La civilización del espectáculo (19 page)

La secularización no puede significar persecución, discriminación ni prohibición a las creencias y cultos, sino libertad irrestricta para que los ciudadanos ejerciten y vivan su fe sin el menor tropiezo siempre y cuando respeten las leyes que dictan los parlamentos y los gobiernos democráticos. La obligación de éstos es garantizar que nadie sea acosado o perseguido en razón de su fe y, al mismo tiempo, obrar de manera que las leyes se cumplan así se aparten de las doctrinas religiosas. Esto ha ocurrido en todos los países democráticos en asuntos como el divorcio, el aborto, el control de la natalidad, el homosexualismo, los matrimonios gays, la eutanasia, la descriminalización de las drogas. De manera general, la Iglesia ha limitado su reacción a protestas legítimas, como manifiestos, mítines, publicaciones y campañas encaminadas a movilizar a la opinión pública en contra de las reformas y disposiciones que rechaza, aunque haya en su seno instituciones y clérigos extremistas que alienten las prácticas autoritarias de la extrema derecha.

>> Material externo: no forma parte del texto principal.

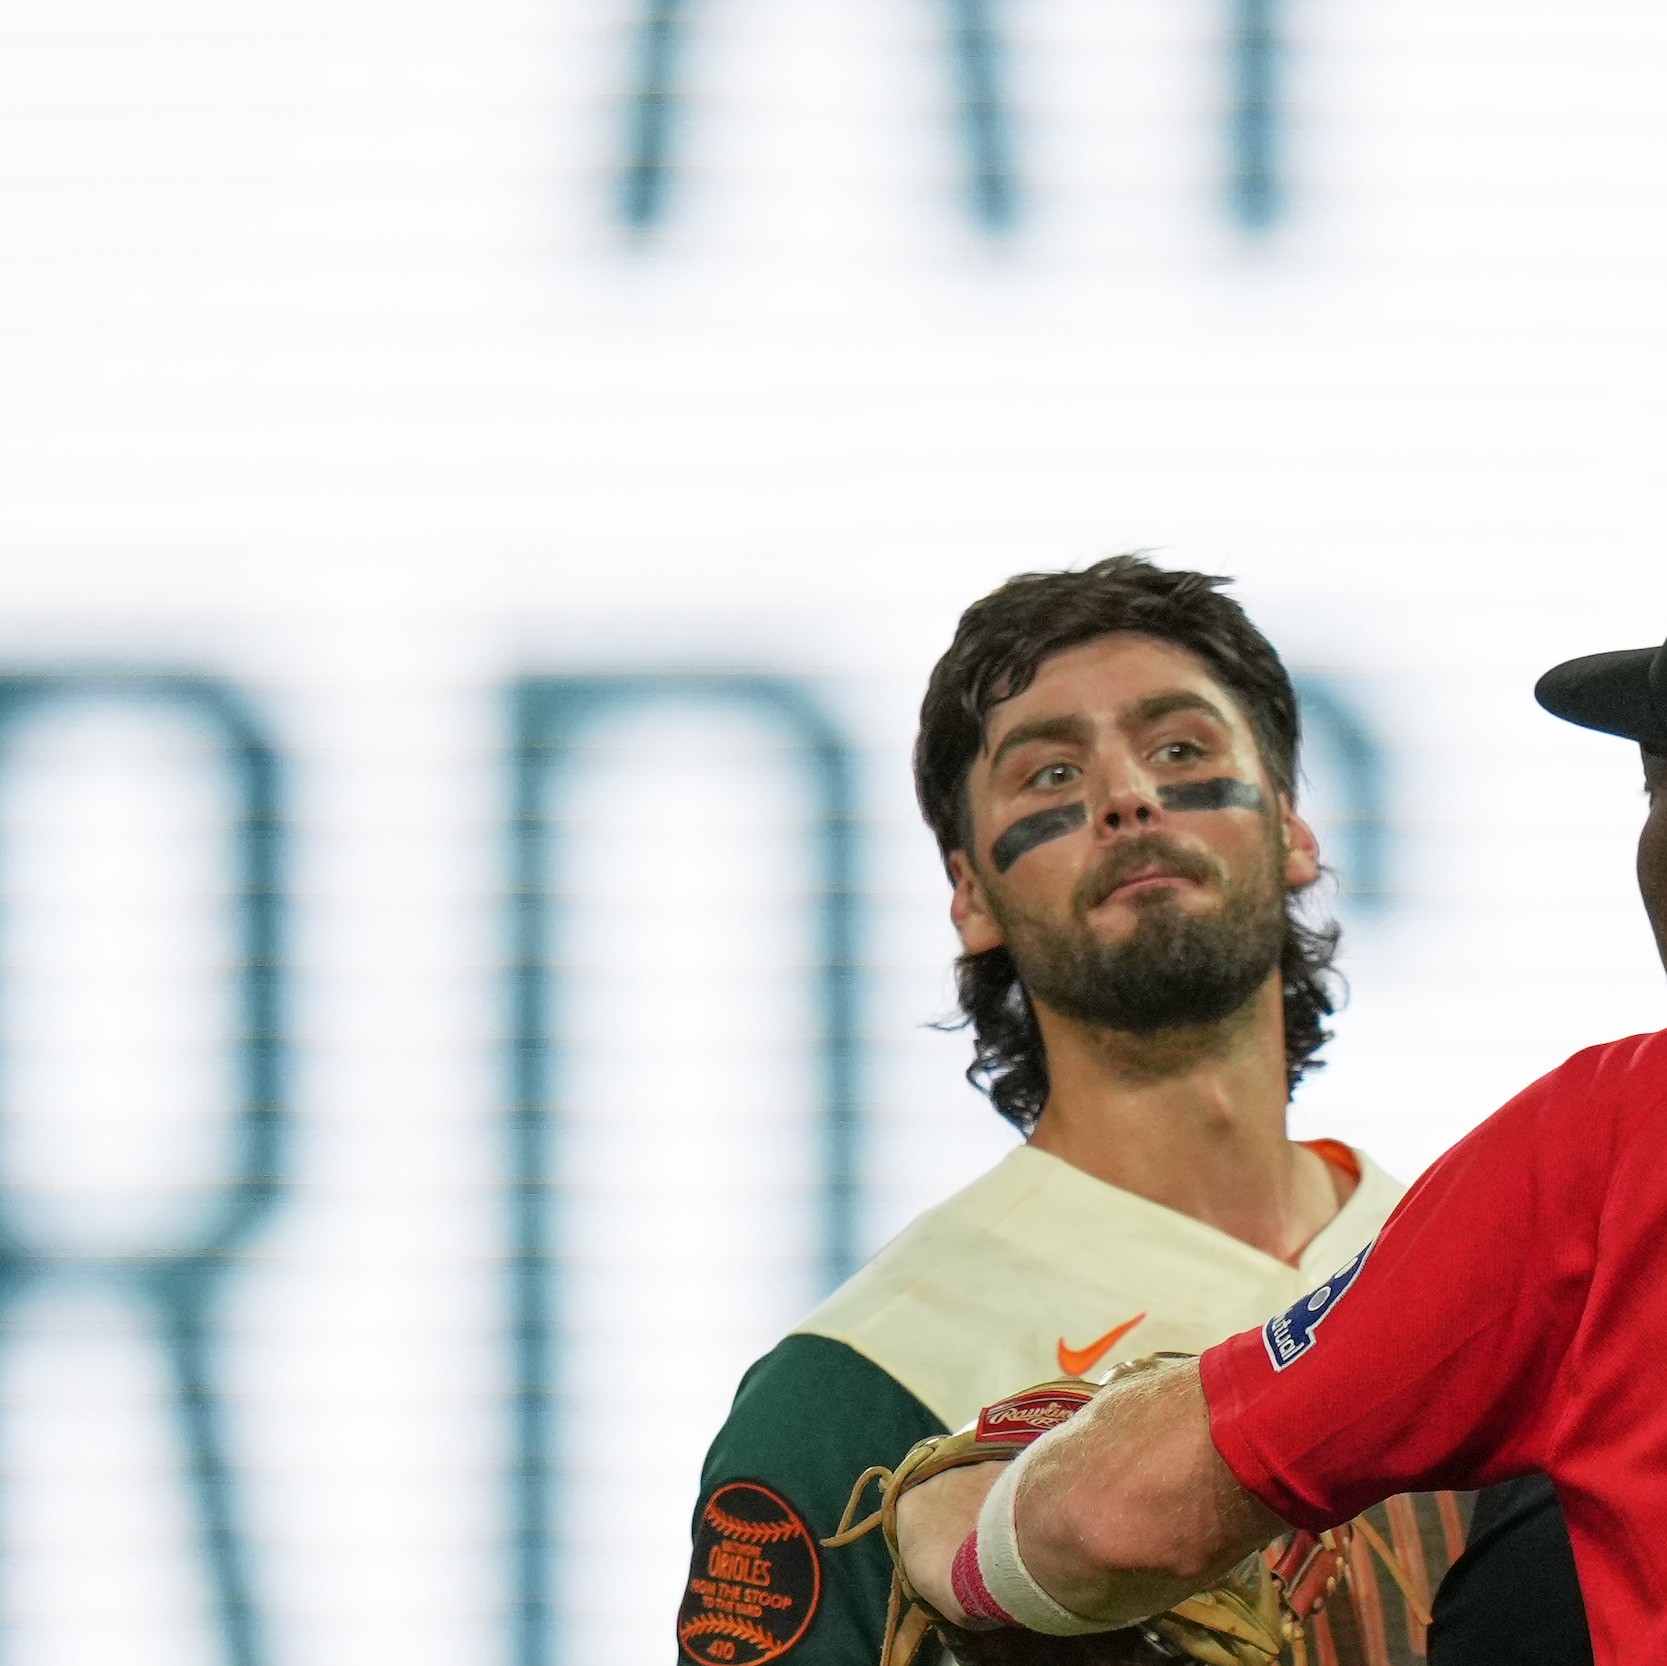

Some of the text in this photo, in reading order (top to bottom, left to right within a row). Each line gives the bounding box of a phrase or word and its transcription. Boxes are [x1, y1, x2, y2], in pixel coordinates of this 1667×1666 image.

[985, 1401, 1075, 1425] Rawlin
[708, 1544, 772, 1587] ORIOLES
[744, 1587, 793, 1610] STOOP
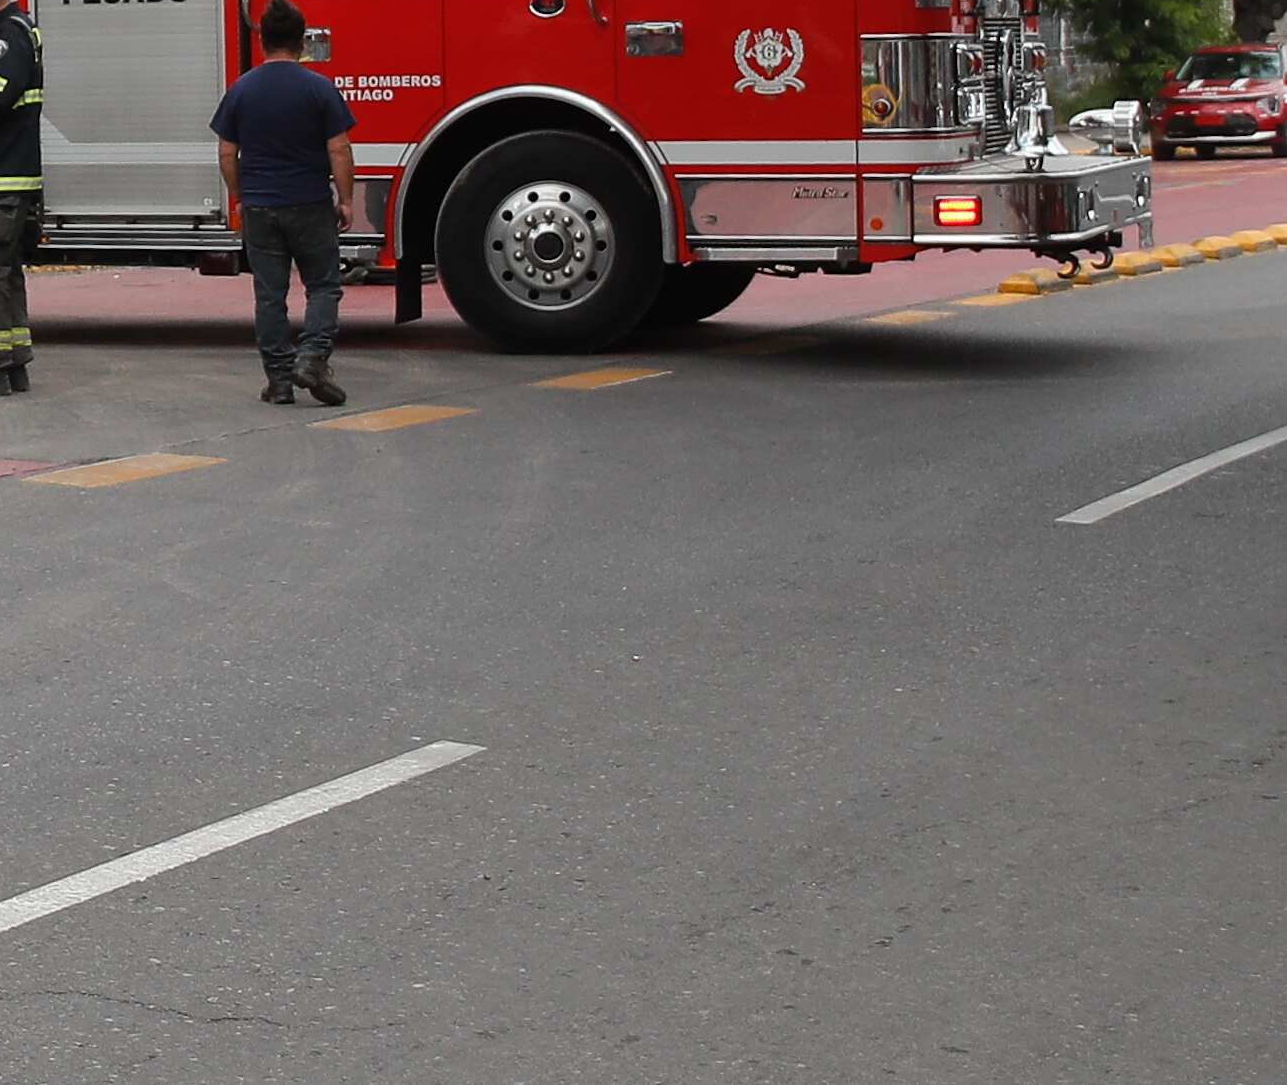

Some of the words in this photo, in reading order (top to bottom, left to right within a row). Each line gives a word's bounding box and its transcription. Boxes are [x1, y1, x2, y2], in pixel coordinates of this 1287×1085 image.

[764, 45, 774, 59] 6
[334, 76, 355, 88] DE
[358, 75, 442, 87] BOMBEROS
[338, 89, 394, 102] NTIAGO

La preservación del secularismo es requisito indispensable para la supervivencia y perfeccionamiento de la democracia. Para saberlo basta volver la vista hacia las sociedades donde el proceso de secularización es nulo o mínimo, como ocurre en la gran mayoría de países musulmanes.

La identificación del Estado con el islam —los casos extremos son ahora Arabia Saudita e Irán— ha sido un obstáculo insuperable para la democratización de la sociedad y ha servido —sirve todavía, aunque, por fin, parece haberse iniciado un proceso emancipador en el mundo árabe— para preservar sistemas dictatoriales que impiden la libre coexistencia de las religiones y ejercitan un control abusivo y despótico sobre la vida privada de los ciudadanos, sancionándolos con dureza (que puede llegar a la cárcel, la tortura y la ejecución) si se apartan de las prescripciones de la única religión tolerada. No era muy diferente la situación de las sociedades cristianas antes de la secularización y seguiría siéndolo si este proceso no hubiera tenido lugar. Catolicismo y protestantismo redujeron su intolerancia y aceptaron coexistir con otras religiones no porque su doctrina fuera menos totalizadora e intolerante que la del islam, sino forzados por las circunstancias, unos movimientos y una presión social que pusieron a la Iglesia a la defensiva y la obligaron a adaptarse a las costumbres democráticas. No es verdad que el islam sea incompatible con la cultura de la libertad, no menos que el cristianismo en todo caso. La diferencia es que en las sociedades cristianas hubo, empujado por movimientos políticos inconformes y rebeldes y una filosofía laica, un proceso que obligó a la religión a privatizarse, a desestatizarse, gracias a lo cual la democracia prosperó. En Turquía, gracias a Mustafa Kemal Atatürk, la sociedad vivió un proceso de secularización (impulsado por métodos violentos) y, desde hace algunos años, pese a que una mayoría de turcos es de confesión musulmana, la sociedad se ha ido abriendo hacia la democracia mucho más que el resto de países islámicos.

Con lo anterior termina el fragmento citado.